I want to think more about some connected ideas. Silicon Jungle's prototypes where he is exploring breaking ideas into cards, I think called lenses, that can then be further explored.
Linus Lee's talk about using LLMs as a microscope for thoughts.
Some work experiments where we've been using LLMs to break scenes down into parts, then applying a transformation to one of those parts.
I'm writing this on the train so references are from memory
I really liked Silicon Jungle breaking it down into cards, it felt like a useful metaphor. Especially I thought of deck-building. There I'm still influenced by a short obsession with Marvel Snap. I like that, like building a good game deck, you want both supporter ideas and big powerful ideas. I think maybe pushing the metaphor further and giving cards values and play cost wouldn't be very useful - maybe some loose categorization to help with how to fit them together.
Also connects to having a "bag of tricks". There was a Ben Pierrat project that made use of that idea - something with "fake" in it?

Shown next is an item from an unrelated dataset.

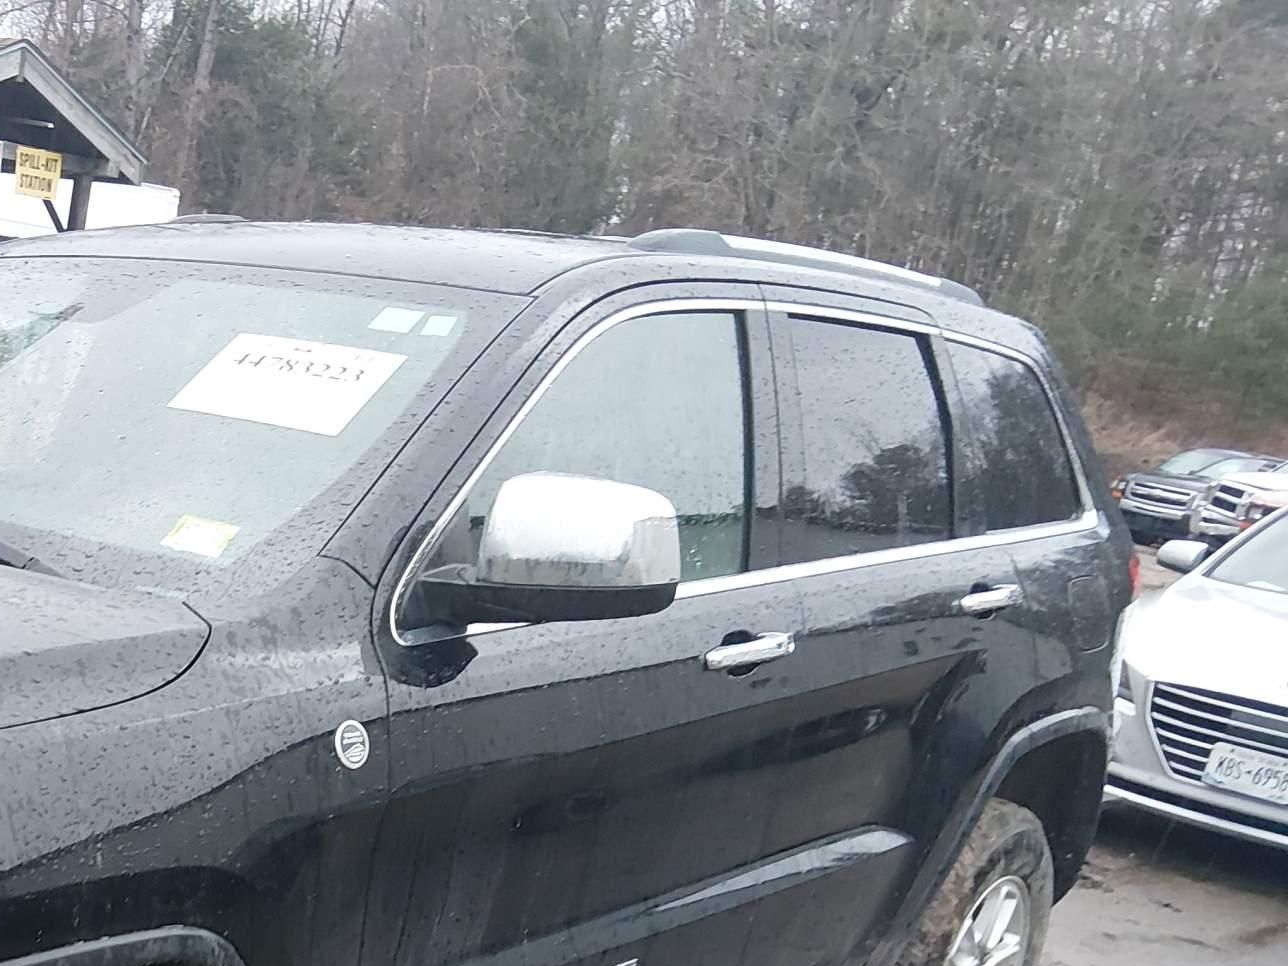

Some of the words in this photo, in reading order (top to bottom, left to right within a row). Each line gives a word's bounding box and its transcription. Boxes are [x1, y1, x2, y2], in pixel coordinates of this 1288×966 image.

[19, 152, 59, 173] SPILL-KIT
[20, 174, 53, 192] STATION
[233, 352, 365, 382] 44783223

And then there's the Feynman idea I always return to, of having ten favorite problems and every time you learn a new thing you see if they are a good fit for any of your problems.
A hard part of this is what abstraction level to break things into. I'm not sure the card thing solvjes that exactly, but it makes it easier to accept. We're used to cards of various value (does value map to abstraction).
I still want to do an abstraction focused prototype - maybe using trees.
Cards also have the connection to Oblique Strategies, and Tarot I suppose to. They're a nice container, tactile point.
Are there good connections to computers? I think punch cards doesn't directly apply. Solitaire is a computer classic, for whatever reason. That infinite card animation would be fun to play with.
I do think a big part of the card appeal to me, which has been a theme for me lately, is making stuff feel contained, manageable, understandable. Instead of thinking about something with every possibility available, it is constrained. It'd even be fun to pick out decks with specific angles, though the idea you're going to want to assemble multiple decks is maybe over-ambitious - maybe automate that part too.
Let's try Linus's angle on this - the microscope lets you see the strands that make up an idea, more like DNA. It does feel similar. The card base makes it feel more manageable to me, but there may be biology tools and visualizations and metaphors that offer something else.